• What the task requires: An exact copy of every record, without the pictures, is what should come back.

BEGIN

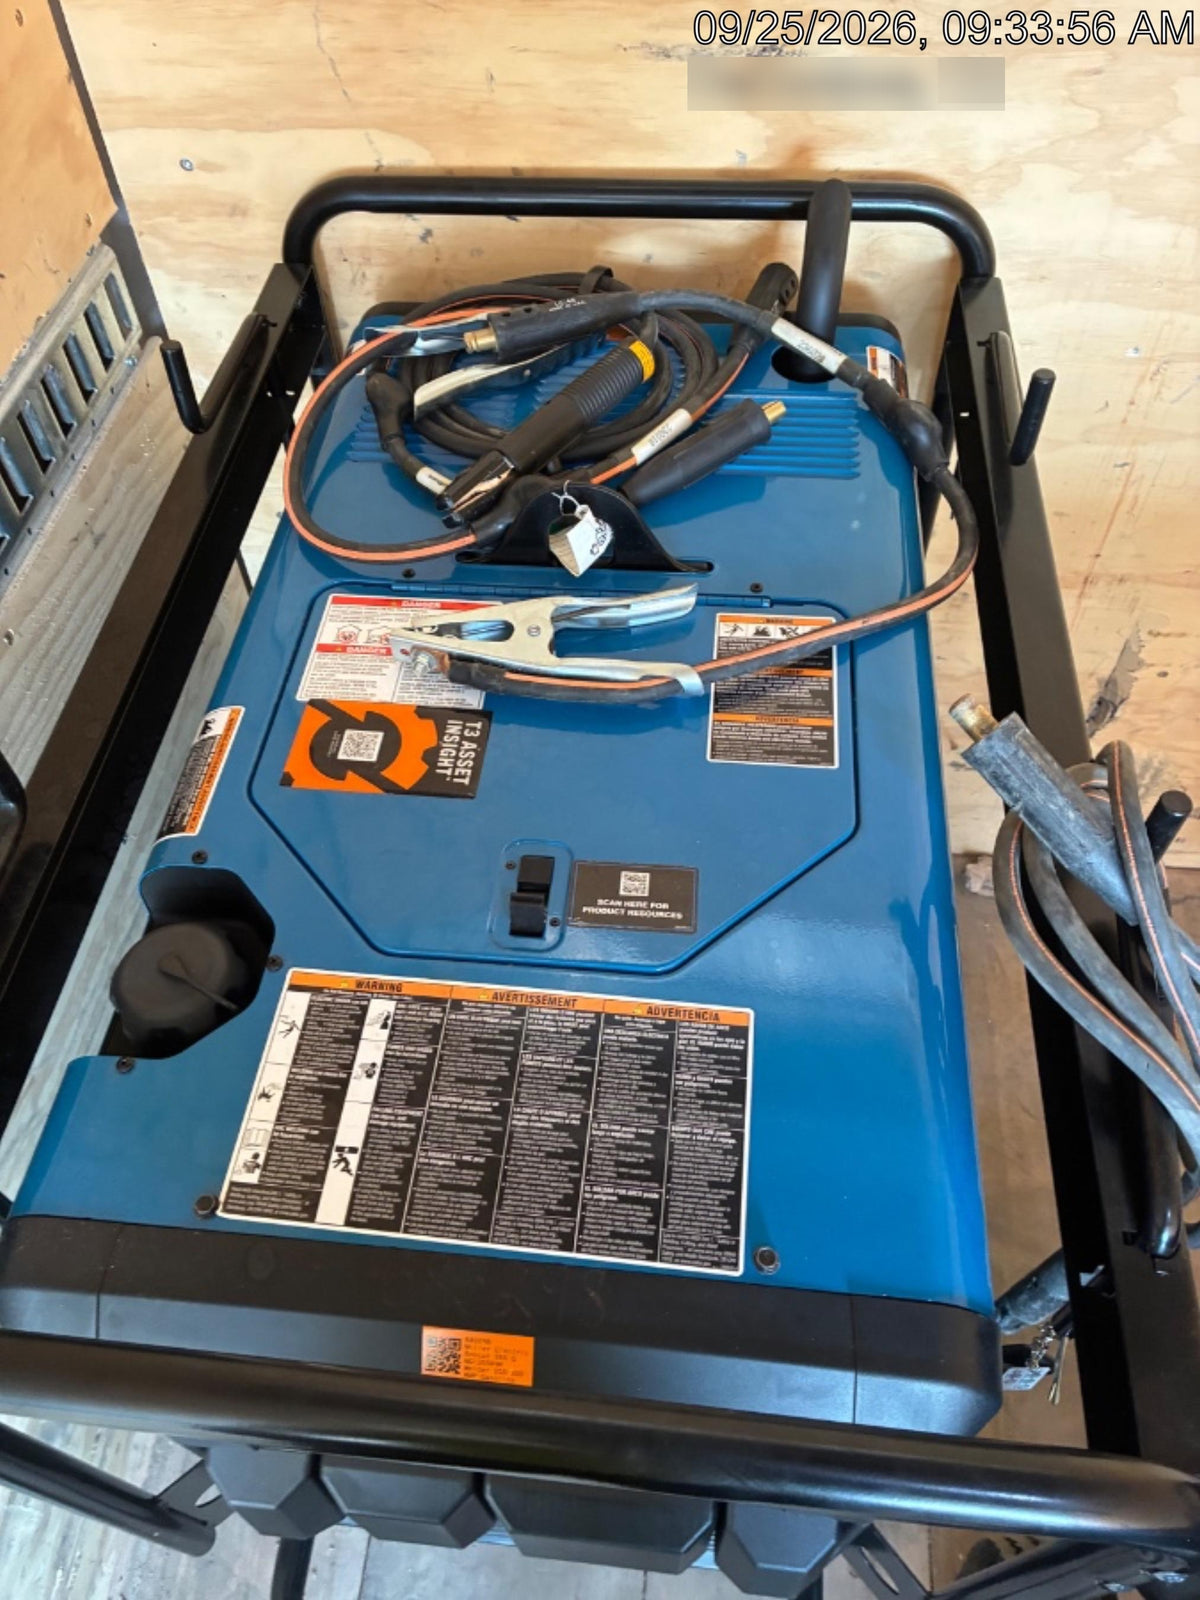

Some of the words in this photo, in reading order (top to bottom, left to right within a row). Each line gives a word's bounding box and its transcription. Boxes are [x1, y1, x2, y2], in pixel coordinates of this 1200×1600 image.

[463, 721, 482, 737] T3
[435, 719, 464, 778] INSIGHT
[453, 740, 478, 786] ASSET
[582, 906, 625, 916] PRODUCT
[627, 909, 683, 919] RESOURCES
[597, 899, 622, 907] SCAN
[624, 901, 648, 909] HERE
[650, 902, 669, 910] FOR
[356, 980, 403, 993] WARNING
[492, 991, 578, 1008] AVERTISSEMENT
[646, 1006, 720, 1022] ADVERTENCIA
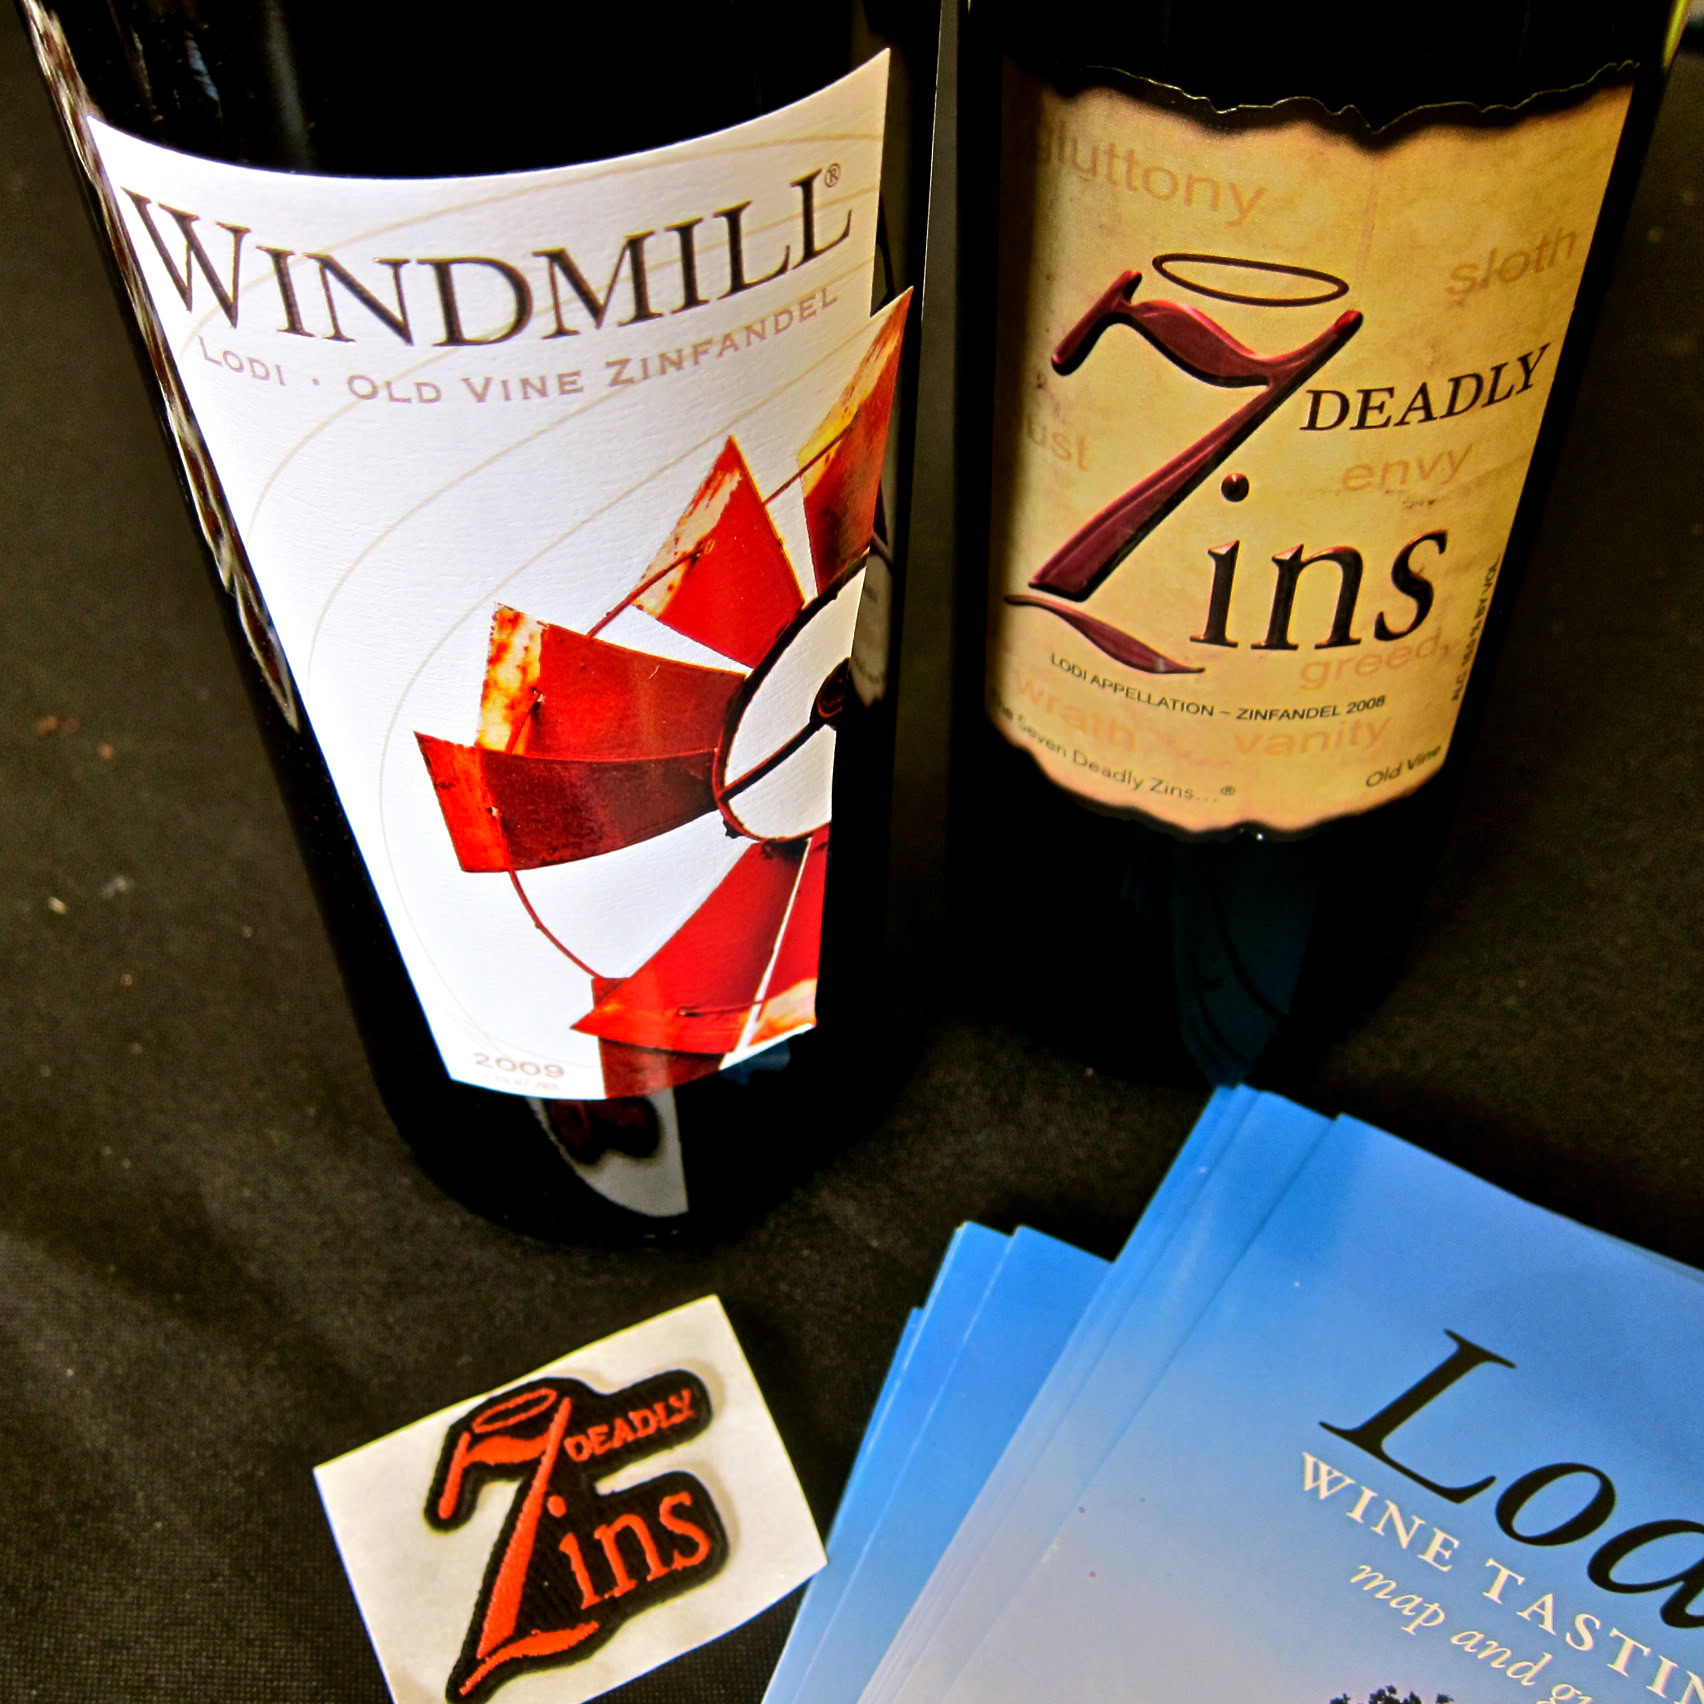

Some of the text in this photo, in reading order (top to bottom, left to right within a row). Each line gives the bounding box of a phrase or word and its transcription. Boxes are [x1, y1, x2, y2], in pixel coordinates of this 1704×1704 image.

[1034, 118, 1267, 227] luttony
[1445, 225, 1577, 296] sloth
[197, 287, 839, 404] LODI OLD VINE ZINFANDEL
[1299, 343, 1550, 432] DEADLY
[1022, 412, 1091, 472] ust
[1342, 443, 1472, 494] envy
[1016, 679, 1136, 752] wrath
[1051, 652, 1386, 721] LODI APPELLATION ZINFANDEL 2008
[1018, 714, 1067, 758] Seven
[1073, 749, 1144, 791] Deadly
[1233, 716, 1391, 756] vanity
[1365, 744, 1442, 788] Old Vine
[472, 1051, 566, 1079] 2009
[563, 1388, 696, 1462] DEADLY
[1302, 1451, 1461, 1572] WINE
[1350, 1563, 1446, 1636] map
[1450, 1630, 1552, 1687] and
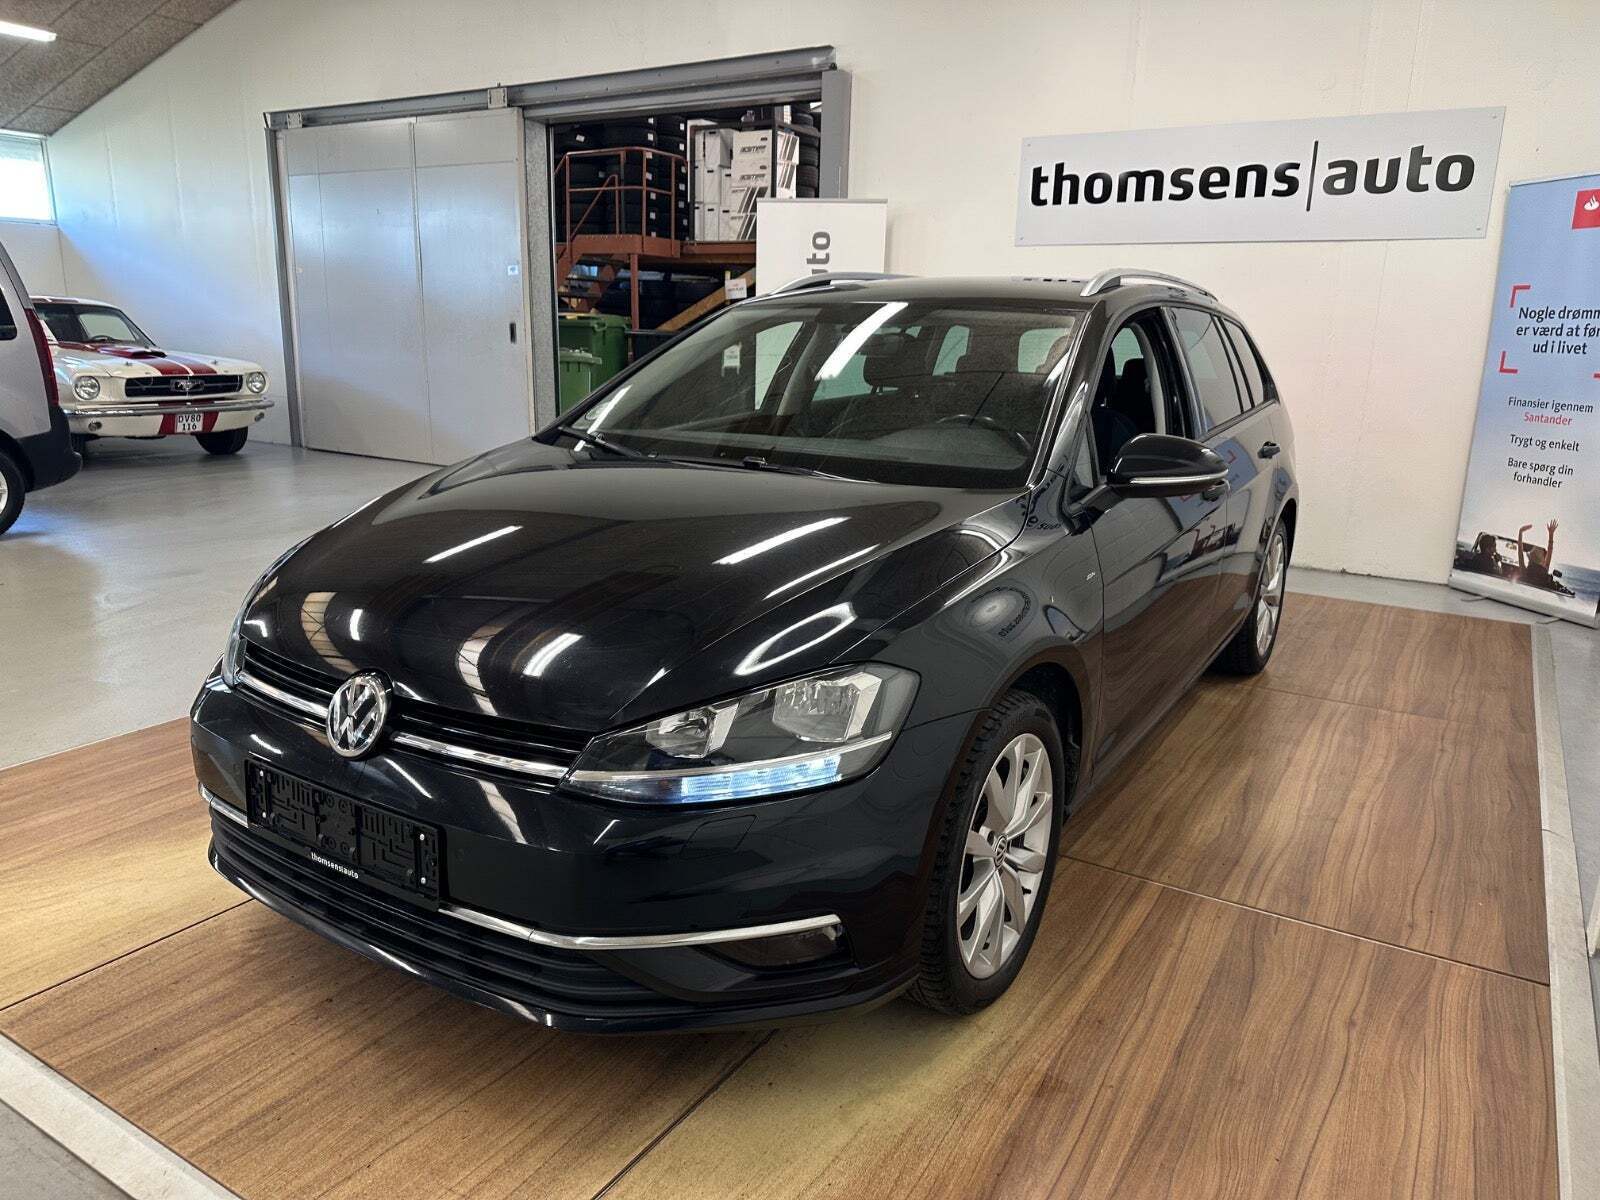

END

• Task result:
Some of the words in this photo, in reading order (top to bottom, left to right within a row). Each line gives a word's bounding box and its transcription. Boxes are [x1, y1, x2, y2], in pixel coordinates of this 1200×1600 image.

[463, 721, 482, 737] T3
[435, 719, 464, 778] INSIGHT
[453, 740, 478, 786] ASSET
[582, 906, 625, 916] PRODUCT
[627, 909, 683, 919] RESOURCES
[597, 899, 622, 907] SCAN
[624, 901, 648, 909] HERE
[650, 902, 669, 910] FOR
[356, 980, 403, 993] WARNING
[492, 991, 578, 1008] AVERTISSEMENT
[646, 1006, 720, 1022] ADVERTENCIA

Some of the text in this photo, in reading order (top to bottom, left to right within a row). Each line gives the bounding box of a phrase or word and its transcription. Boxes are [x1, y1, x2, y2], in pixel coordinates of this 1704×1704 image.

[1034, 118, 1267, 227] luttony
[1445, 225, 1577, 296] sloth
[197, 287, 839, 404] LODI OLD VINE ZINFANDEL
[1299, 343, 1550, 432] DEADLY
[1022, 412, 1091, 472] ust
[1342, 443, 1472, 494] envy
[1016, 679, 1136, 752] wrath
[1051, 652, 1386, 721] LODI APPELLATION ZINFANDEL 2008
[1018, 714, 1067, 758] Seven
[1073, 749, 1144, 791] Deadly
[1233, 716, 1391, 756] vanity
[1365, 744, 1442, 788] Old Vine
[472, 1051, 566, 1079] 2009
[563, 1388, 696, 1462] DEADLY
[1302, 1451, 1461, 1572] WINE
[1350, 1563, 1446, 1636] map
[1450, 1630, 1552, 1687] and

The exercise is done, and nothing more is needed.